Les petits points...

 



L’autre jour la princesse Lucia en personne est venue me chercher aux champs.

Je crois que je l’attendais. Peut-être pas elle précisément bien sûr, comment aurais-je pu, mais ce moment, cet instant précieux où, les choses changent, simplement sans crier gare, concrétisant notre espérance…

Le vent avait défait mes nattes et ma coiffe s’était envolée sur la terre, mais je n’ai pas eu honte d’être ainsi accoutrée devant elle et j’ai compris tant de choses quand je l’ai vu faire sa révérence …

Nous allions vivre des moments de bonheur, toutes les deux ; une amitié que rien ne présageait aller poindre, comme le fait le soleil le matin sur la cime des arbres. Il glisse à travers les nuages, se faufile sans bruit, discret mais bien présent et l’obscurité s’éloigne. 

Un renouveau, tout doux, tout beau.

 

J’ai compris que pendant quelques instants s’effaceraient nos différences.

D’ailleurs, le sommes-nous véritablement différentes ?

Pas vraiment si j’en crois ce que l’abbé nous apprend.

C’est un drôle de bougre qui n’a qu’un mot à la bouche « âme ».

Il nous appelle à l’amour et il y croit vraiment.

Il est gentil, et ne suit qu’une ligne dans sa vie : la Grâce.

Quand il prononce ce mot, ses paupières se ferment et son cœur bat plus fort.

 

Souvent, il apostrophe les gens à l’église lors de ses sermons :

 

-        Quelle âme vous habite, vous qui méprisez votre prochain ?

 

Certains dimanches, il s’inquiète pour nous :

 

-        Que deviendront nos âmes si nous ne changeons pas ?

 

Et parfois, il se prend même pour un poète en chantonnant :

 

-        Que sont les âmes devenues, que j’avais de si près tenues et tant aimées ? *

 

Ce matin, pourtant, ce moment de bonheur a failli être froissé par la dame de compagnie de Lucia ; j’ai entendu qu’elle lui disait :

-        N’avez-vous pas peur que Philippine commette un vol dans votre chambre ?

  

Un vol ! Elle ne sait pas la pauvre que l’or et l’argent ne m’intéressent pas. Que pourrais-je voler qui me soit vraiment utile dans ce château ?

J’étais heureuse d’entendre Lucia lui répondre :

-        La médisance est basse Cunégonde ! Reprenez vous !

 

Nous avons brodé aujourd’hui ; Lucia voulait que l’on brode nos initiales. Moi je ne savais pas ce que c’était que nos initiales alors j’ai voulu fleurir mon mouchoir.

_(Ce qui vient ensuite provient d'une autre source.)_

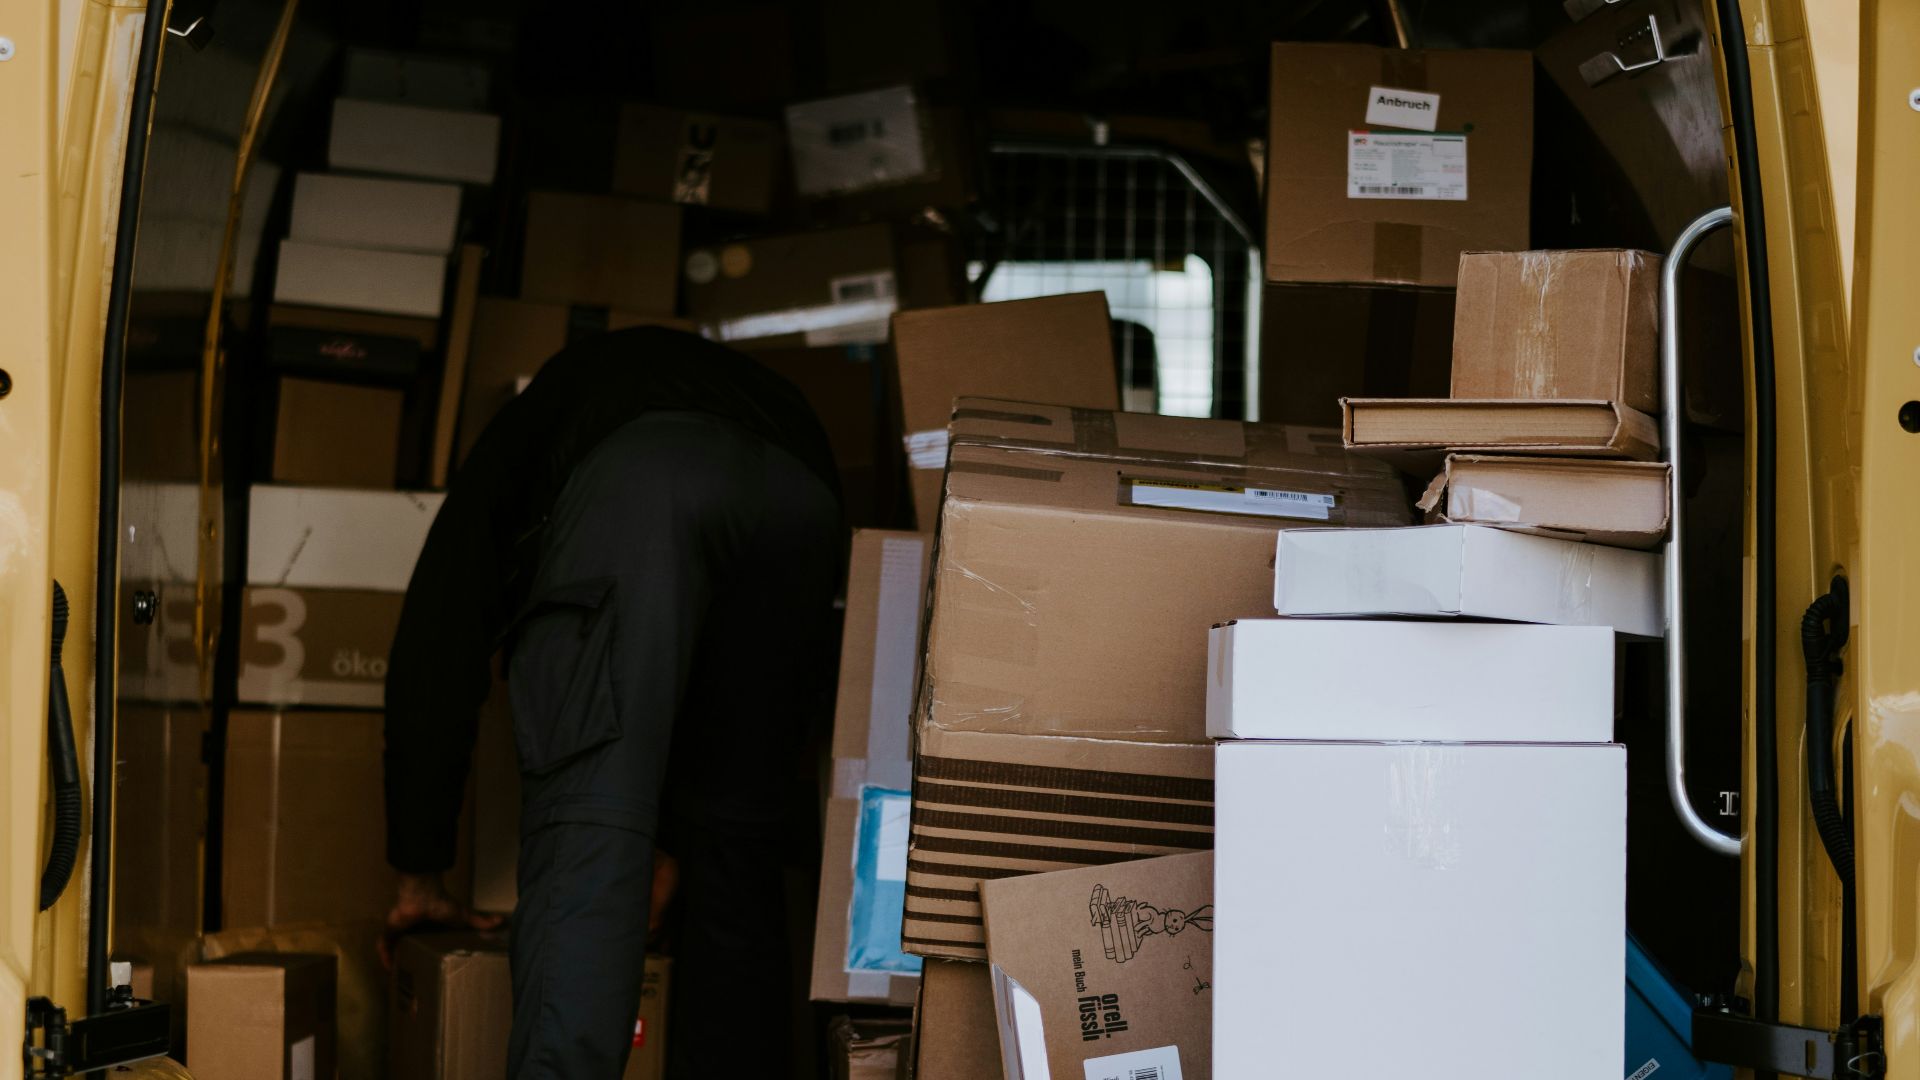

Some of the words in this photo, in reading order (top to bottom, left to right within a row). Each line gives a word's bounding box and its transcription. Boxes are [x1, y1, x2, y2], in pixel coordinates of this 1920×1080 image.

[1376, 95, 1431, 111] Anbruch
[1072, 949, 1084, 969] mein
[1075, 971, 1087, 992] Buch
[1078, 995, 1105, 1041] füssli
[1102, 993, 1128, 1038] orell.

J’aime broder ; c’est comme une caresse que l’on fait au tissu, comme une promesse que l’on grave à tout jamais. Lucia a des fils de toutes les couleurs et elle m’a fait choisir.

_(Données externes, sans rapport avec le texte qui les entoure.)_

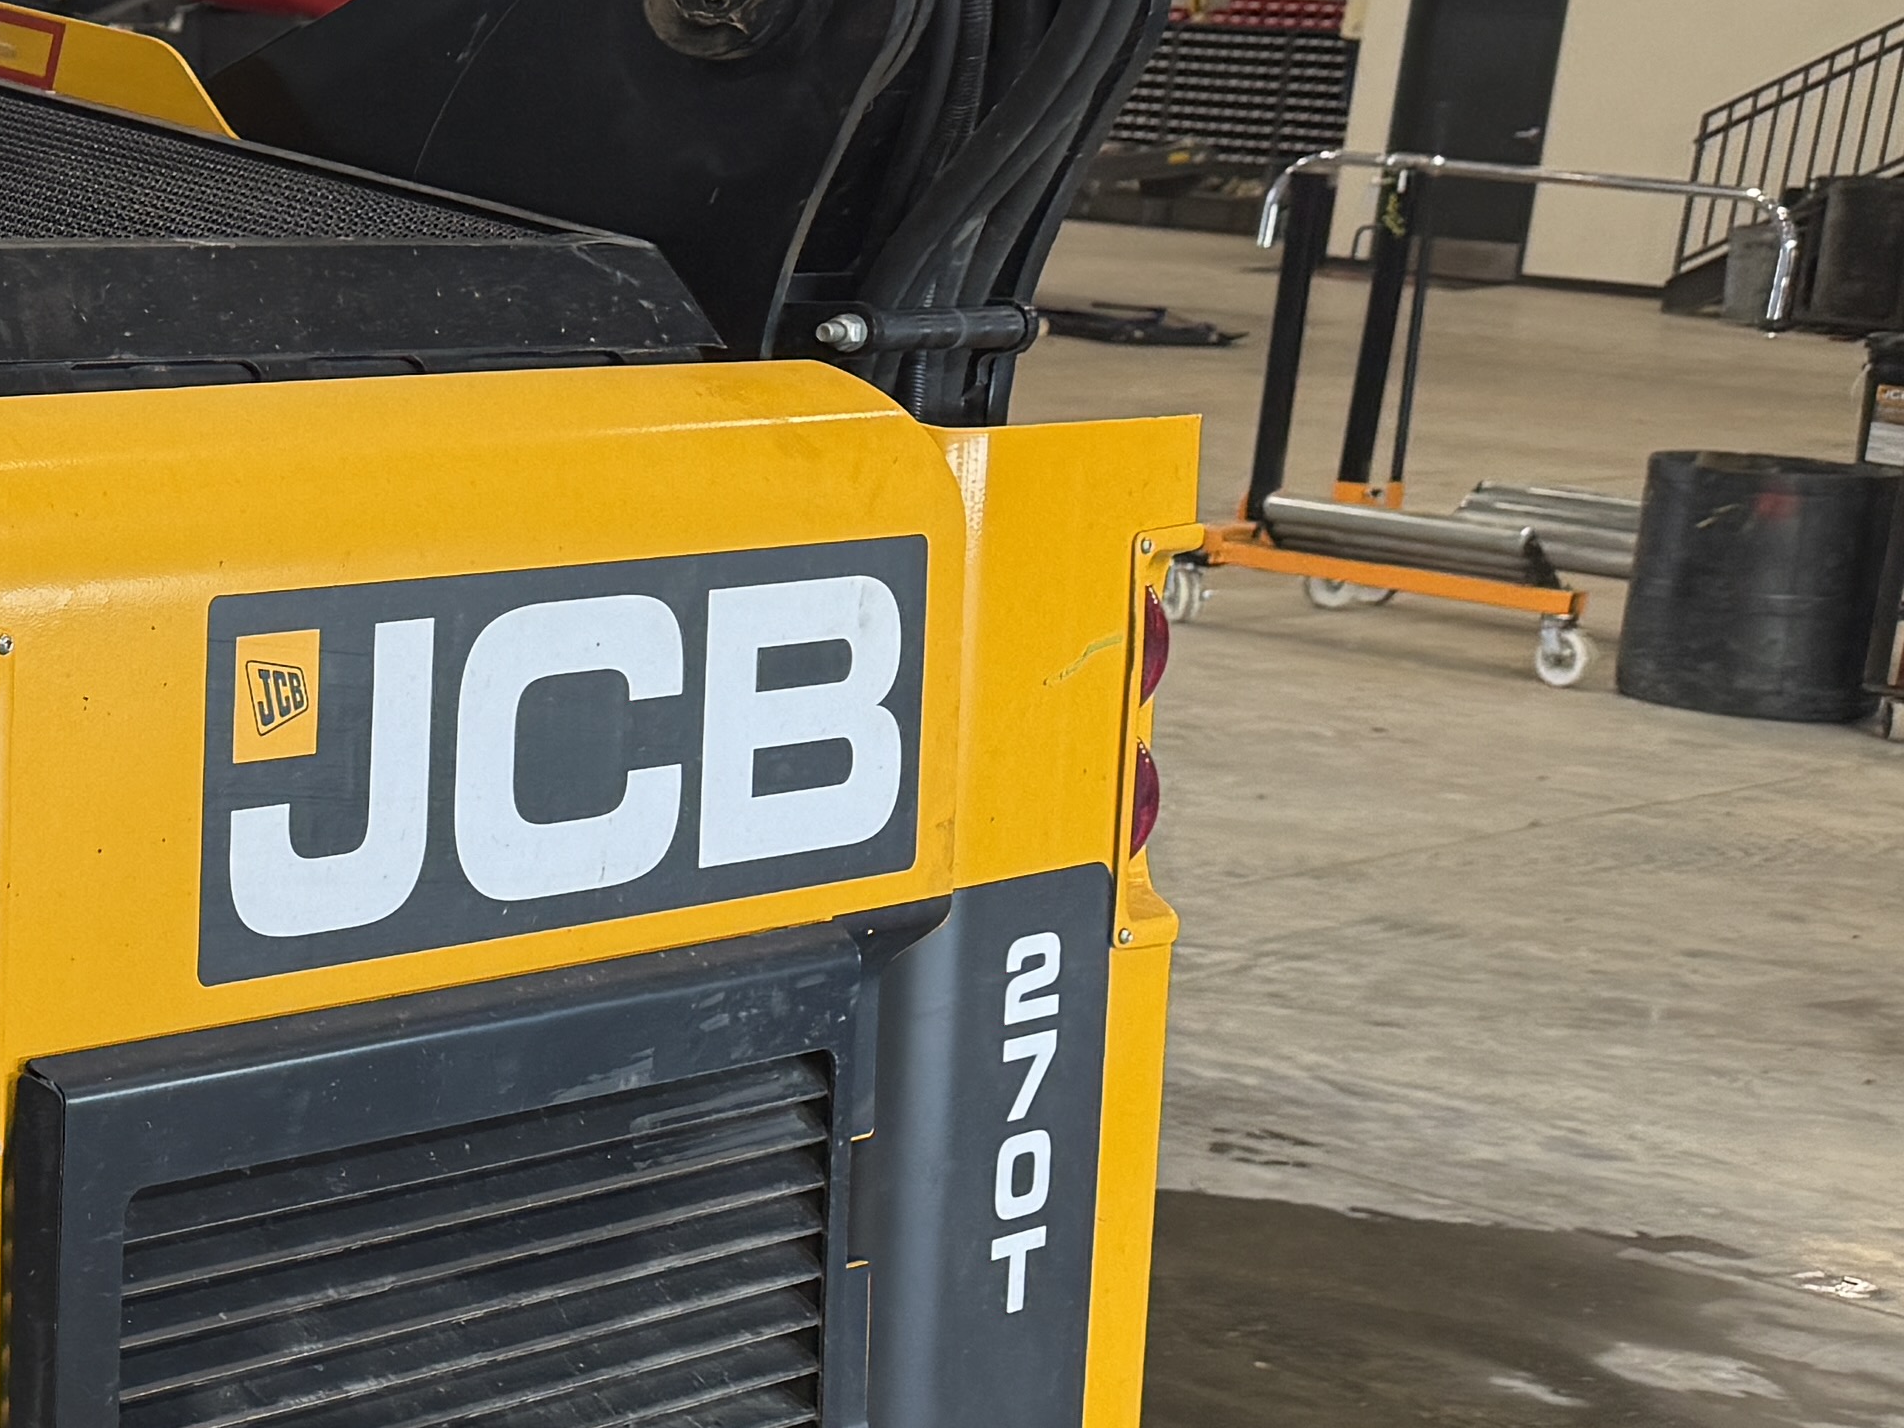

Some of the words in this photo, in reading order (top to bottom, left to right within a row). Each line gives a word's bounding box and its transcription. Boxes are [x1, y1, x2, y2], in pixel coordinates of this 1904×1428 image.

J’ai pris quelques aiguillées, violettes, vertes et j’ai orné le tissu de jolies fleurs qui sentent bon …

Ce soir, quand je vais m’endormir dans la masure, je penserai à ces petits points enchanteurs…

 

Annick SB   mars 2021

Vous pouvez lire le début de l'amitié de Lucia et Philippine ici : Clic ! 

Thème d'écriture chez Evy : Clic !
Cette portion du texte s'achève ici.